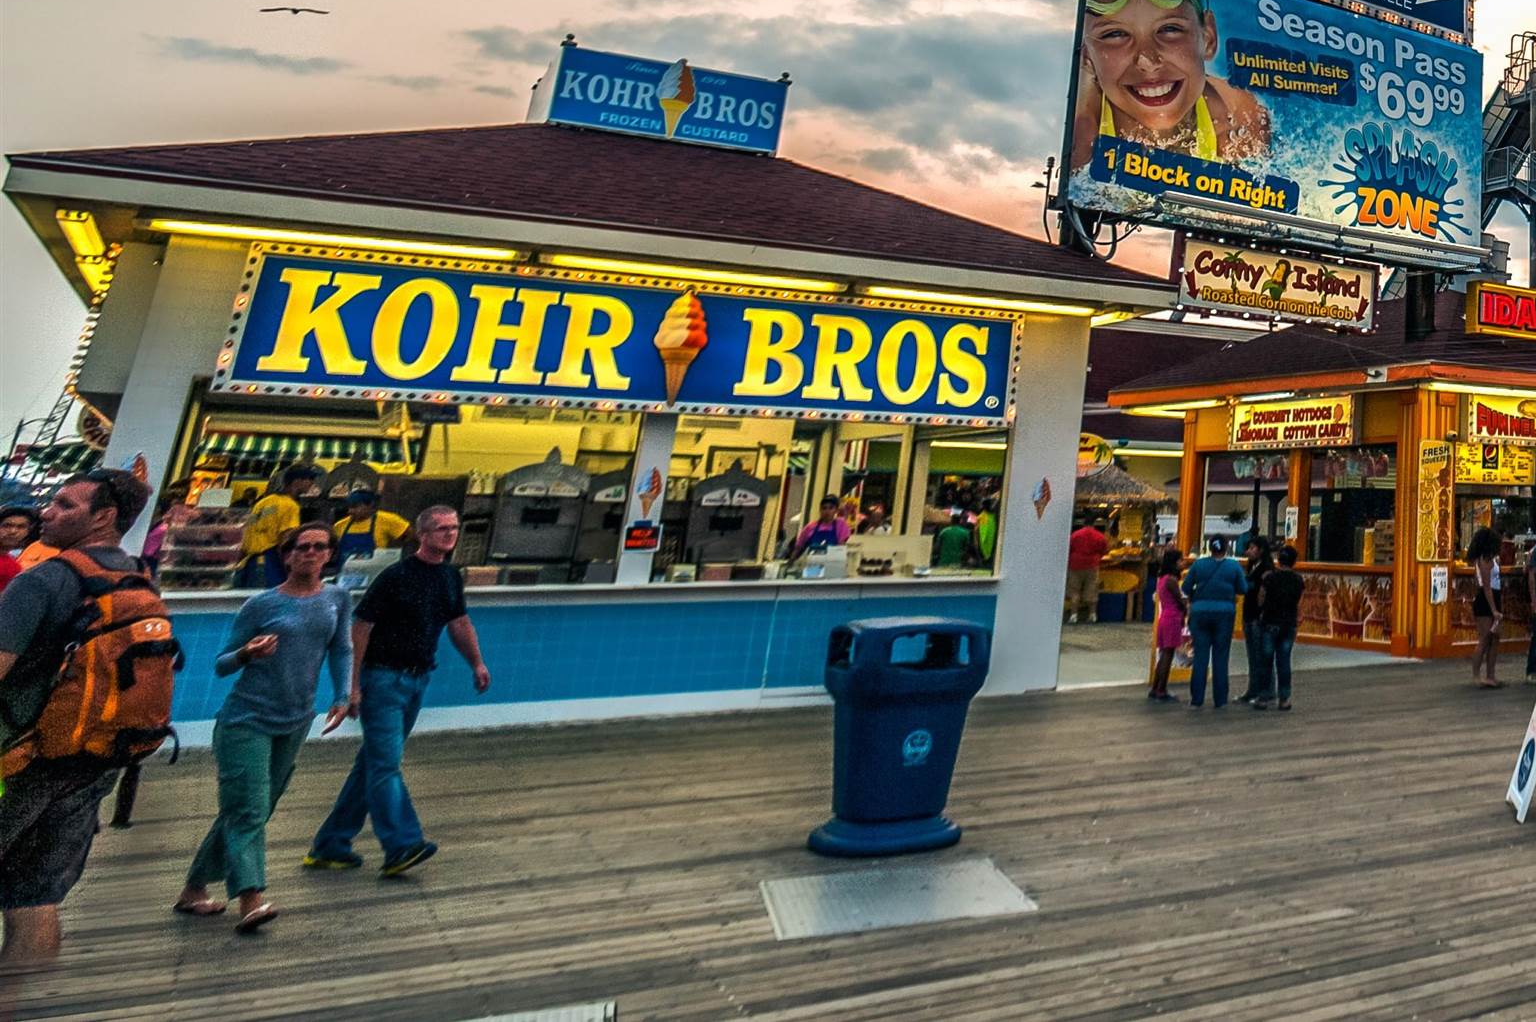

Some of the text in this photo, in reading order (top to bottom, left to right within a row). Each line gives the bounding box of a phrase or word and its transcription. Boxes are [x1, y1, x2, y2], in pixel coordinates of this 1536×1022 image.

[1233, 51, 1349, 80] Unlimited Visits
[1394, 36, 1467, 86] Pass
[559, 69, 778, 130] KOHR BROS
[1250, 72, 1338, 96] All Summer!
[600, 112, 750, 144] FROZEN CUSTARD
[1344, 122, 1458, 199] SPLASH
[1104, 150, 1287, 211] 1 Block on Right
[1357, 186, 1440, 238] ZONE
[1292, 266, 1361, 299] Island
[1202, 286, 1354, 320] Roasted Corn on the Cob
[256, 267, 991, 409] KOHR BROS
[1236, 422, 1348, 442] LEMONADE COTTON CANDY
[1252, 406, 1332, 425] GOURMET HOTDOGS
[1423, 446, 1450, 457] FRESH
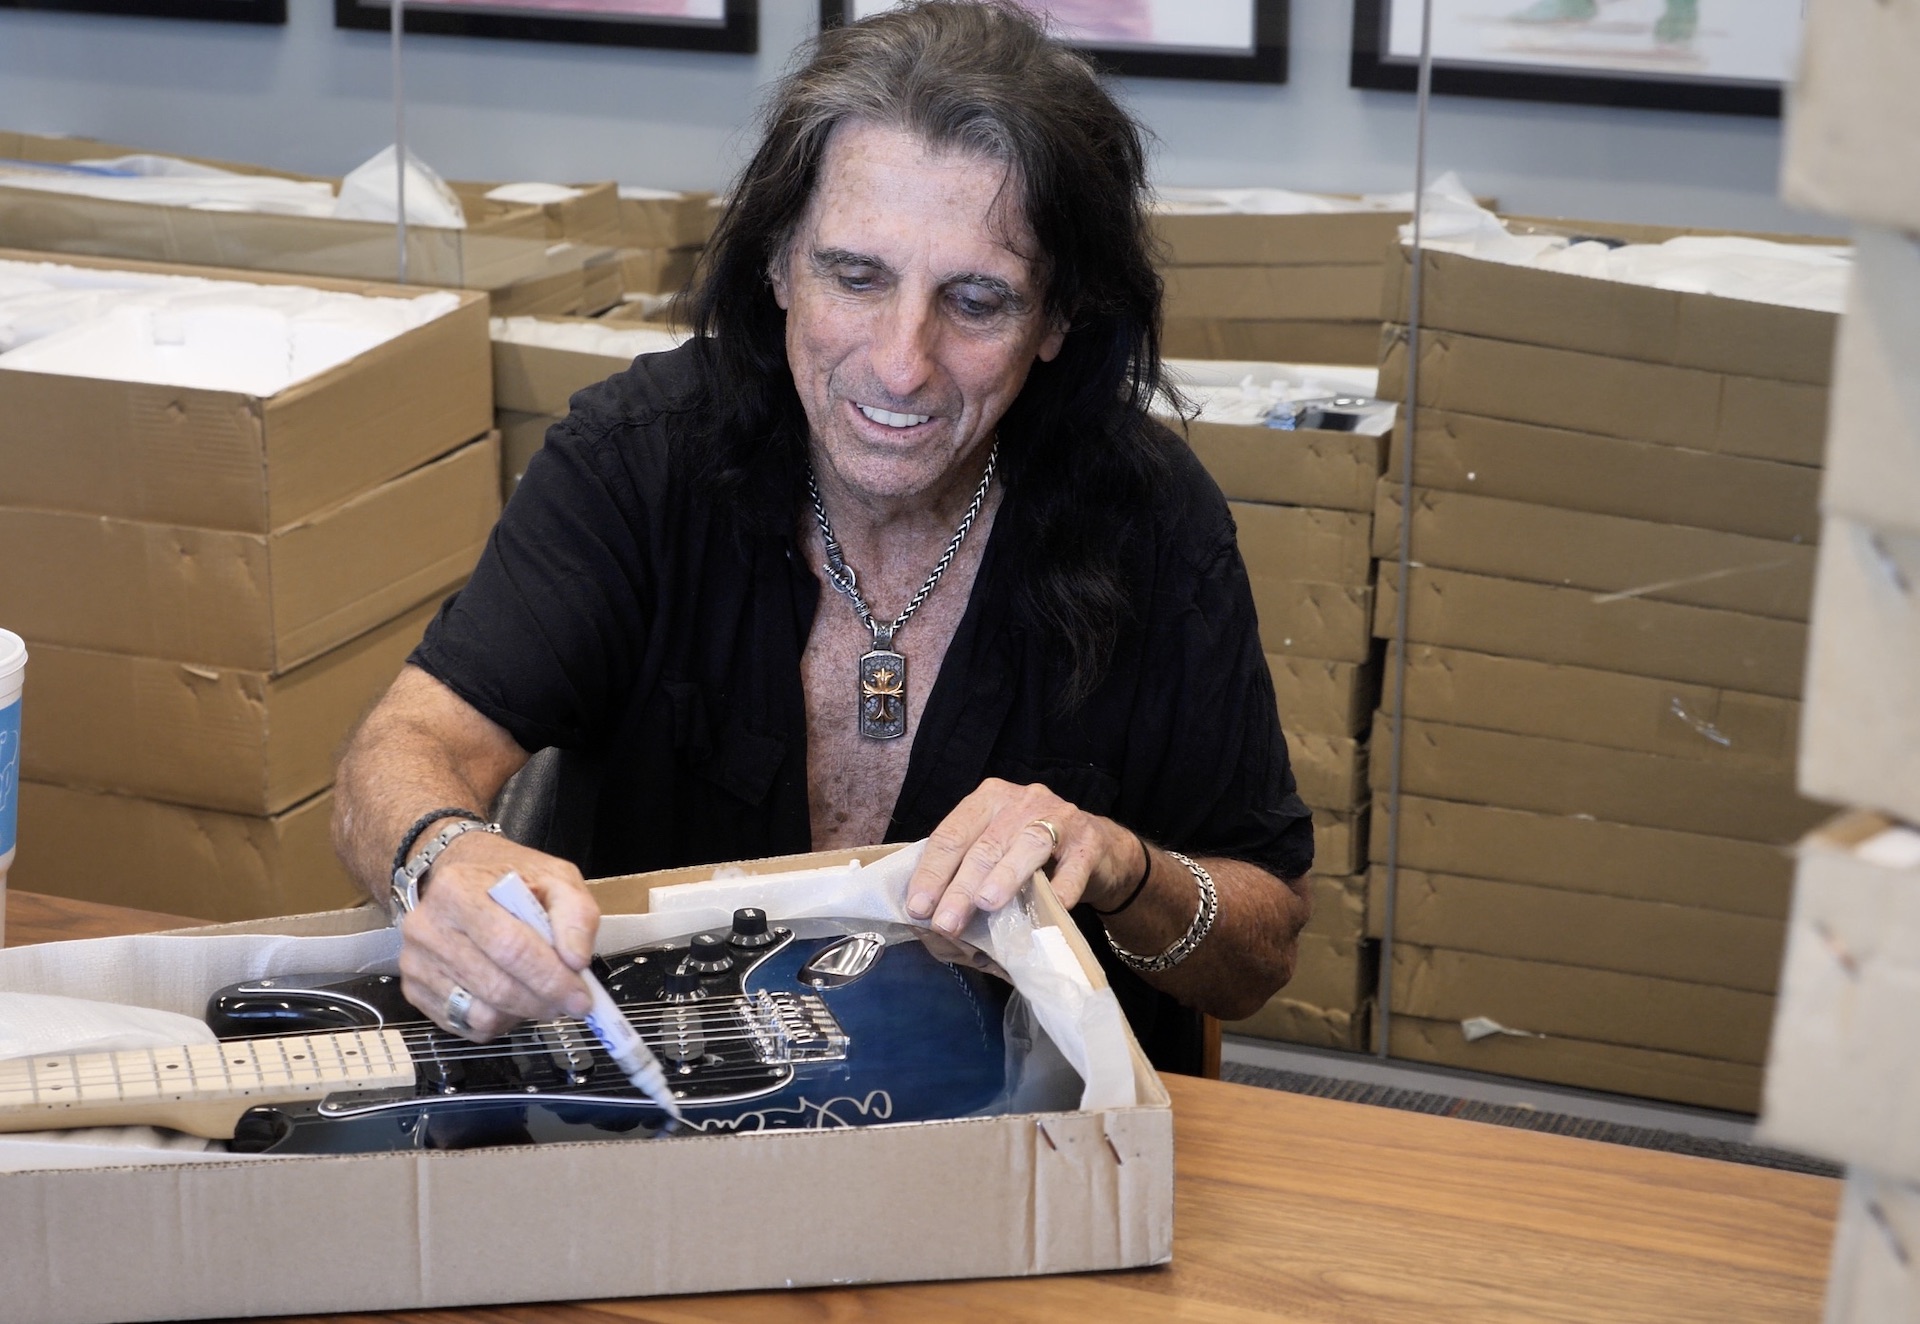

* * * * *

▸ **What to work on**:
Your answer should copy the listing word for word, with no pictures in it.

▸ **Exercise solution**:
Some of the text in this photo, in reading order (top to bottom, left to right within a row). Each line gives the bounding box of a phrase or word and its transcription. Boxes are [x1, y1, x2, y2], in pixel coordinates of this 1536×1022 image.

[1233, 51, 1349, 80] Unlimited Visits
[1394, 36, 1467, 86] Pass
[559, 69, 778, 130] KOHR BROS
[1250, 72, 1338, 96] All Summer!
[600, 112, 750, 144] FROZEN CUSTARD
[1344, 122, 1458, 199] SPLASH
[1104, 150, 1287, 211] 1 Block on Right
[1357, 186, 1440, 238] ZONE
[1292, 266, 1361, 299] Island
[1202, 286, 1354, 320] Roasted Corn on the Cob
[256, 267, 991, 409] KOHR BROS
[1236, 422, 1348, 442] LEMONADE COTTON CANDY
[1252, 406, 1332, 425] GOURMET HOTDOGS
[1423, 446, 1450, 457] FRESH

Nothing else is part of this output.